Unfortunately for me, I do not have any planned vacation this month. (I take my vacation in September because it’s cheaper and there are less vacationing office mates, opposing counsel, clients and potential witnesses that I may run into.) Doubly unfortunate for me, my July workload has spilled over into August and new files appear on my desk constantly. So I have declared August my month to get ahead, both professionally and personally.
While most of you are busy working on tans or touring ancient ruins, I will use the next month to organize and develop cases, contact potential clients and clean out my inbox. It’s almost like New Year’s in the summer, with a new resolution. I also look forward to cleaning out the junk (or charitable deductions) taking up space in my home and preparing for the upcoming bar year.
In our fast-paced lives, taking time to clear out the clutter and think a few steps ahead will minimize potential problems and make whatever task you are performing more efficient.

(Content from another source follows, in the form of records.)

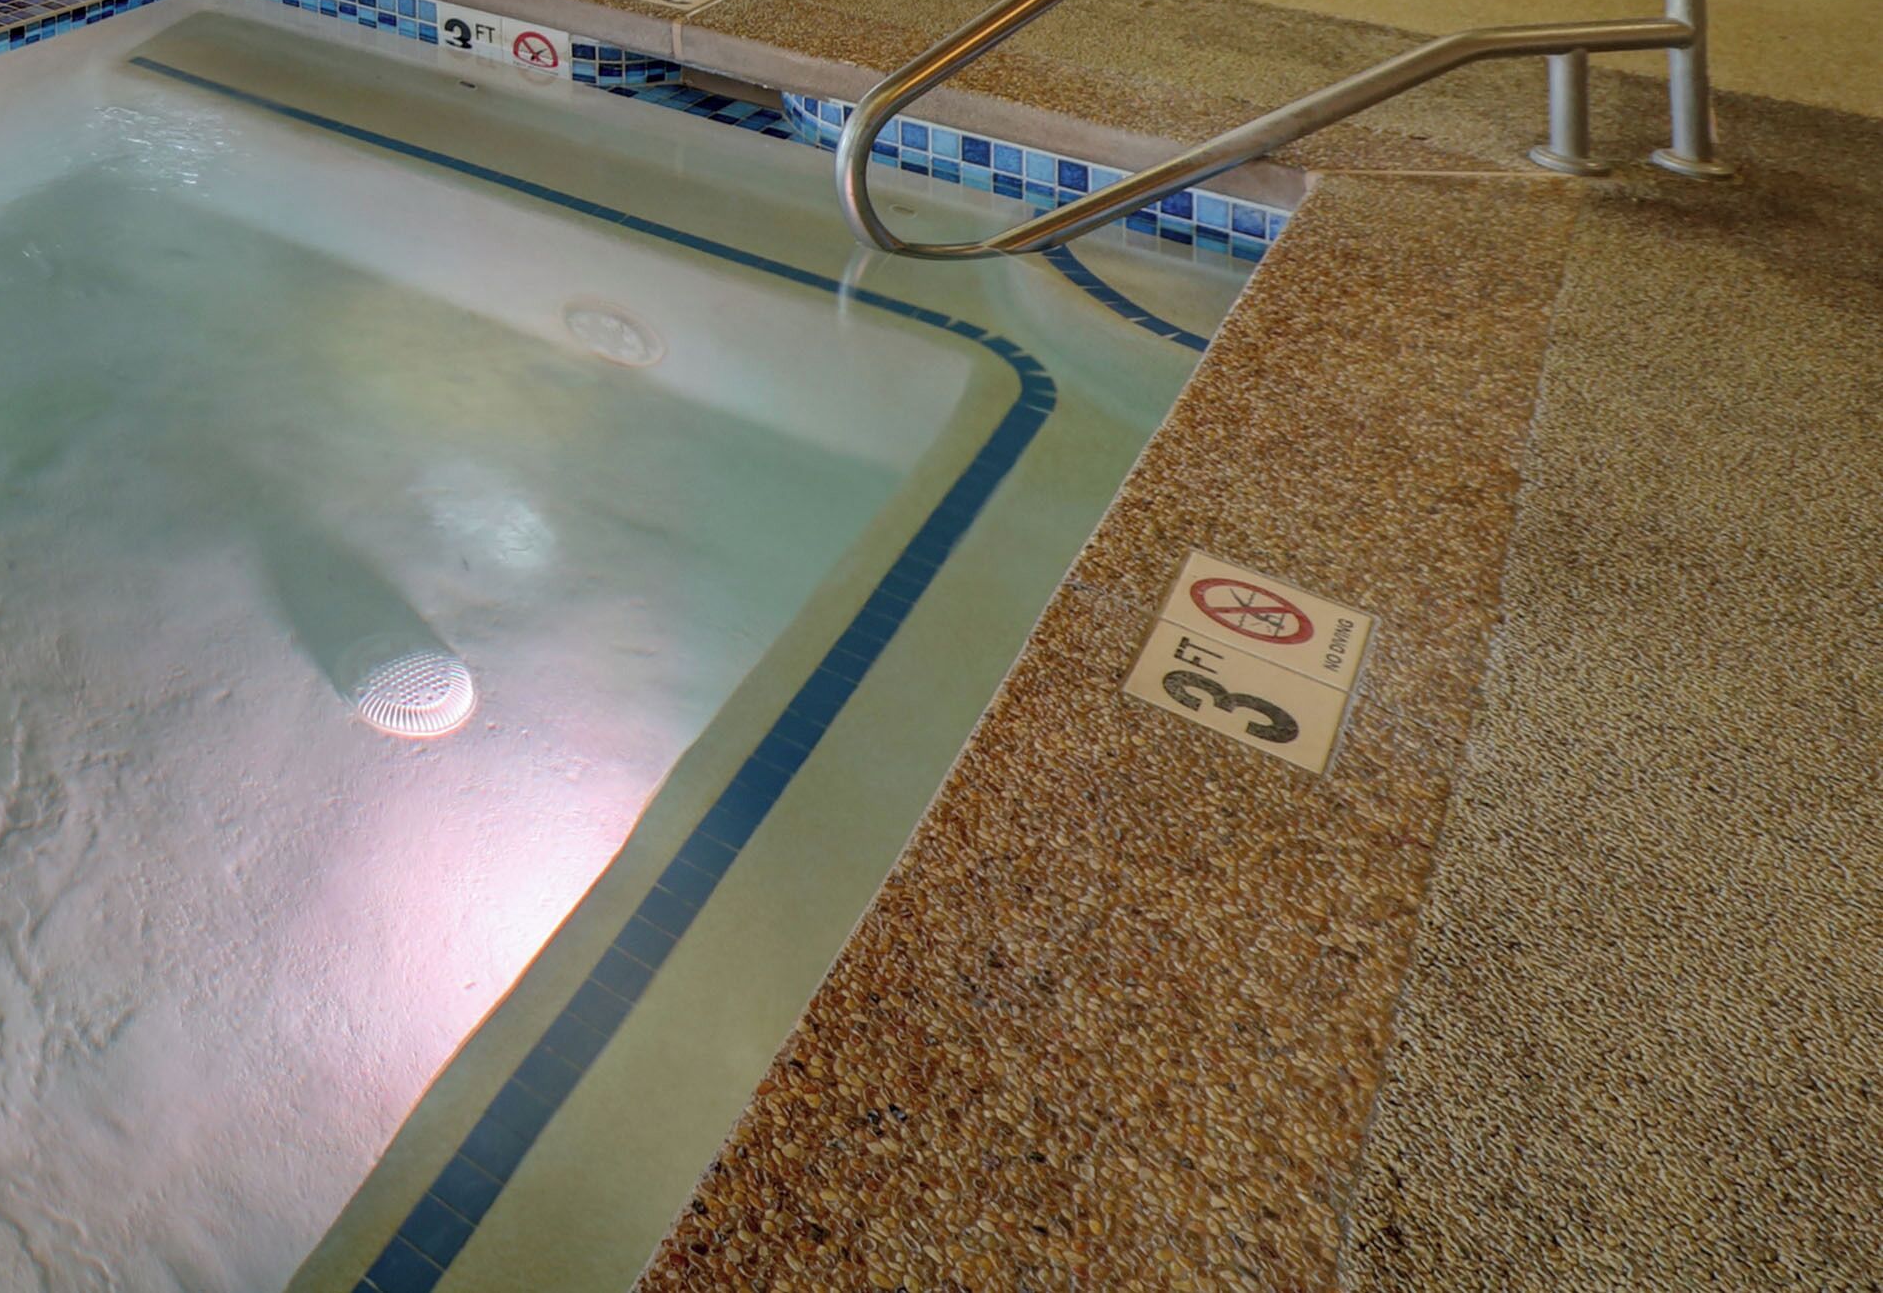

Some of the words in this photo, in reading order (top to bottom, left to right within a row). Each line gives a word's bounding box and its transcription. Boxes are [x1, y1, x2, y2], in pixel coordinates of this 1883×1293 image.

[444, 18, 472, 49] 3
[475, 23, 496, 44] FT
[1329, 618, 1354, 655] DIVING
[1174, 636, 1225, 675] FT
[1323, 653, 1342, 673] NO
[1162, 669, 1299, 744] 3

The classic example is the slow crawl of litigation. As a commercial litigator, I am either filing or defending against a lawsuit or arbitration. Both involve time constraints, whether statute of limitation, deadlines to file an answer or responsive pleading or a fictitious deadline to keep the wheels of litigation moving. When the court issues a scheduling order, it is easy to simply calendar the dates and complete the next tasks. Taking the time to see how all of these tasks relate to one’s case and how each is a stepping stone to truly preparing for a case is the hard part.
So, instead of cutting out a little early on days when the rest of world seems to be at the beach, I am spending this month connecting the dots of litigation. That way, when it’s my turn to disconnect from the office (September seems so far away right now), I will not only know what deadlines are coming up but why they are important to the case.
And for those of you enjoying that long-awaited trip to the beach or tour through Tuscany, enjoy. The work (and I) will be here when you get back.